Idle No More has been called Canada’s civil rights movement; it’s true that many anti-INM on-line comments point to a racism bubbling away underneath the surface of our nation, so famous for its politeness. Even some Canadians who support First Nations right to self-determination are in the dark about the specific demands and grievances of First Nations that have led to the INM movement and Chief Spence’s hunger strike. Recently, I was approached by the head of security in a mall as I sat at a table preparing my sign for an Idle No More rally. Indicating my sign, which read: “We Are All Treaty People”, he said “I don’t understand that”. He was not being confrontational but seemed sincerely perplexed. Once I realized he wasn’t threatening to throw me and my sign out of the mall, I did my best to explain that the reason he and I, both descendants of European settlers, were able to call this land home was because of the treaties that were signed by the Crown with the indigenous peoples who have called this land home since time before memory. You can’t have a treaty with only one signatory; there’s always two. First Nations people have a “treaty card” which allows them to access some of the treaty rights promised to them. We settlers have the right to call Canada home; our Canadian passport is our “treaty card”.

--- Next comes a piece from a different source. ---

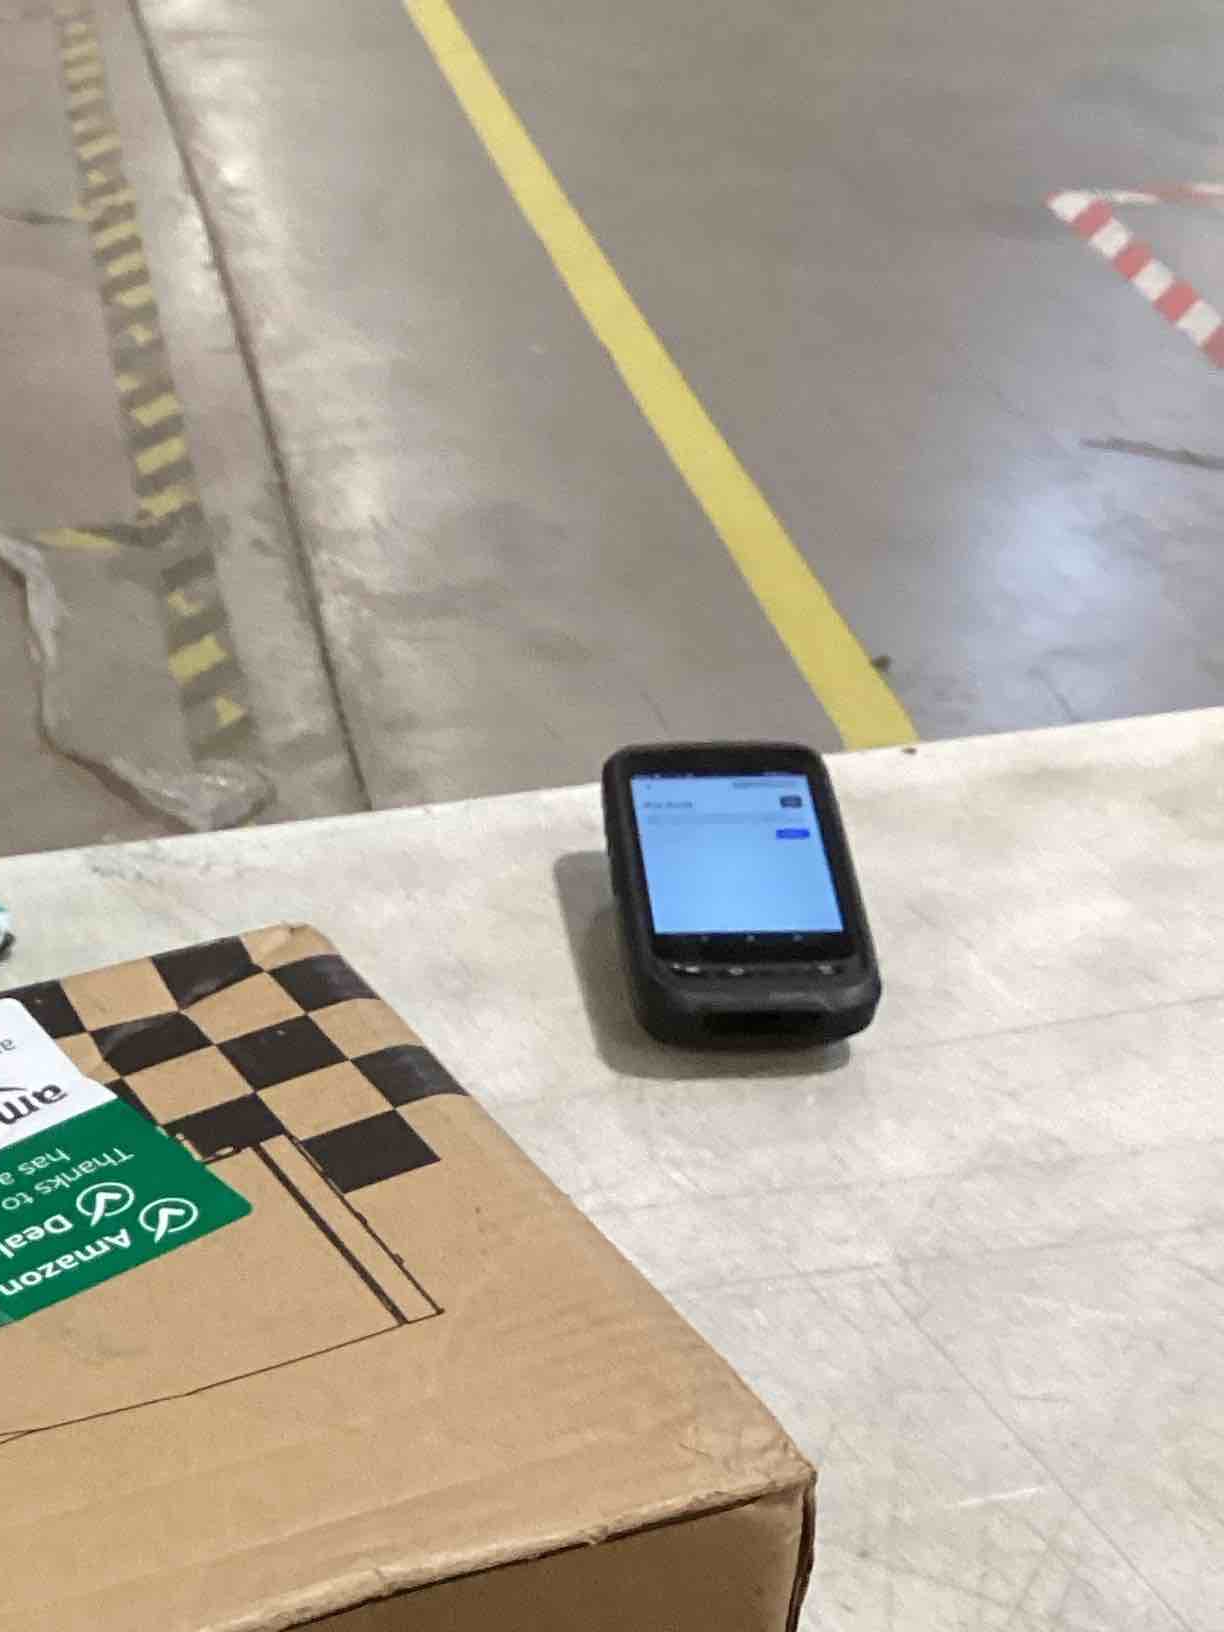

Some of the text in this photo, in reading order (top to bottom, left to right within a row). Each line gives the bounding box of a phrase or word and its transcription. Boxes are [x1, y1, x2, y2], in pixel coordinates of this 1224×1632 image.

[18, 1148, 73, 1175] has
[34, 1148, 136, 1195] Thanks
[1, 1191, 34, 1211] to

I wasn’t taught this history in school. The Canadian history I was taught didn’t articulate the concepts of Terra Nullius and the Doctrine of Discovery, but they nonetheless undergirded the stories my classmates and I were told. Terra Nullius (latin for “empty land”) is the idea that no peoples before the Europeans had a sovereign clam to Turtle Island/North America and the Doctrine of Discovery views indigenous North Americans as inferior to Europeans, thus justifying the taking away of their territory. Both of these concepts have been used to claim indigenous peoples’ lands for centuries. Not surprisingly, First Nations people reject both of these concepts. Defenders of the Land articulate their rejection of these concepts in this demand that:
Canada repudiate the concepts of Terra Nullius and the Doctrine of Discovery, which have been used to unjustifiably claim Indigenous Peoples lands, as factually, legally and morally wrong; and declare that such concepts must no longer form part of law-making or policy development by Canada nor be the basis of arguments presented to the court.

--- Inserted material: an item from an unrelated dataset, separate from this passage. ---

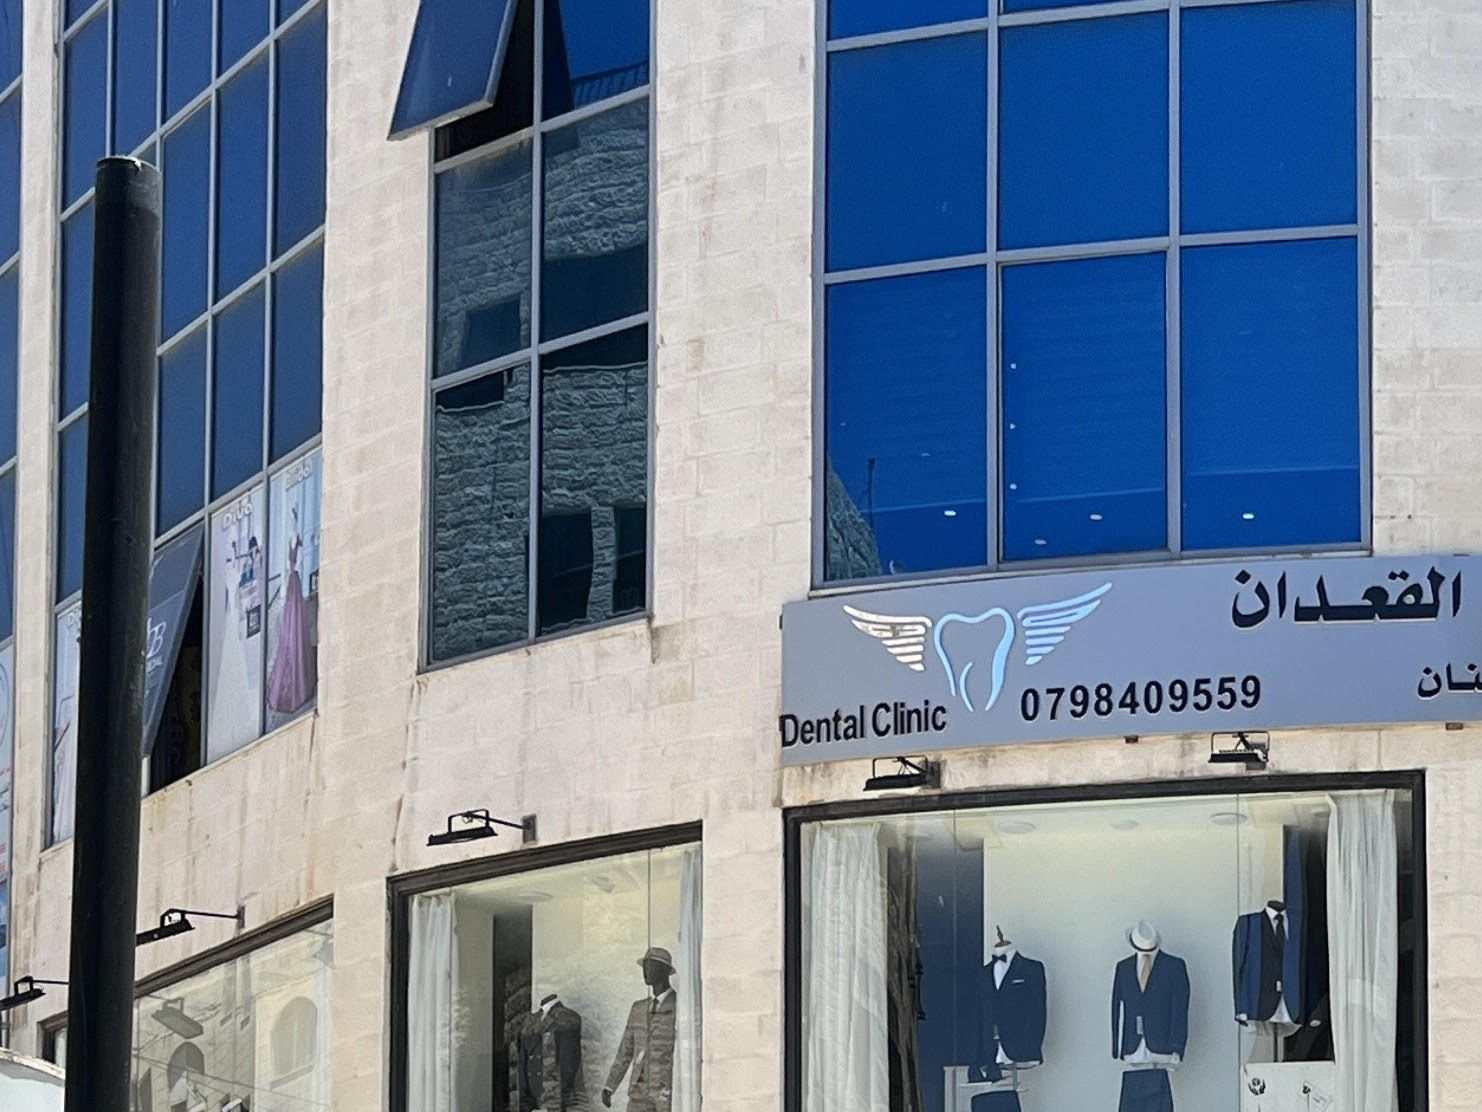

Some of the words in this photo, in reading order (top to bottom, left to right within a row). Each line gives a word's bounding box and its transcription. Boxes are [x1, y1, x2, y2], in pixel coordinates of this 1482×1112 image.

It’s time to tell ourselves a different story of the history of North America. Here’s one:
Centuries ago Europeans – endowed with a colonial/exploiter world view that allowed them to view brown-skinned non-European people as inferior in both intellect and humanness – showed up as uninvited guests on the shores of Turtle Island. More often than not, their indigenous hosts were gracious and shared their knowledge of food, medicine, and terrain to help the bumbling, poorly-equipped settlers survive. In the hundreds of years since that first meeting, settlers have repaid their hosts’ hospitality by taking over the “whole house” and shoving them into the basement while stealing their children. We settlers have enjoyed ourselves and enriched ourselves immensely while we’ve exploited the heck out of the place. We’ve eaten most of the food in the fridge, burned up the firewood, fouled the water and air, and thrown toxic garbage everywhere. Occasionally we discover there’s something in the basement we want so we head down the stairs, shove the original owners of the house further into one of the corners and grab what we want. Woe to any of the original owners who make a fuss about this state of affairs. If they have a hard enough time adjusting to the new reality, they’re shoved into a closet in the house called a prison.

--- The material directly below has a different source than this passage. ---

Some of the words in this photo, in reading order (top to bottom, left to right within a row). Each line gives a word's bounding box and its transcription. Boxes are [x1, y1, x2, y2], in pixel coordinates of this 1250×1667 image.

It’s 2013, time for non-aboriginal Canadians to come to terms with our unpleasant colonial past, and its ugly tentacles that reach all the way to the present. One of the many tentacles is the federal government’s omnibus budget bill, C-45. Another tentacle is the sense of entitlement found in online comments (“I never signed a treaty, I never took anybody else’s land, I never sent anybody to residential school, so why am I supposed to pay for this forever?”). The colonial/exploiter mindset has been normalized in North America, but that doesn’t mean it can’t change. As settlers, a first step to changing it and ourselves is a commitment to realizing our own entanglement in it. After that, in humility and in recognition of our ingrained prejudices, we can ask our First Nation brothers and sisters what they would like us to do to help facilitate change.
We are all part of Turtle Island now, and our stories are inextricably entwined. In 2010, The Truth & Reconciliation Commission, set up in response to Canada’s acknowledgement of its shameful residential school history, held a National Event in Winnipeg. I was in the audience during a Buffy St Marie concert when Elijah Harper, the trail-blazing Chief and MLA who stood up in the Manitoba legislature 20 years ago to stop a national constitutional accord in its tracks because of its disregard of First Nations rights, was invited onto the stage. Mr. Harper acknowledged his own painful residential school past to the crowd of thousands, but went on to say that it was now time to walk into the future side by side, First Nations and nonaboriginal Canadians. Idle No More is an invitation to start down that road, one imperfect and tentative step after another.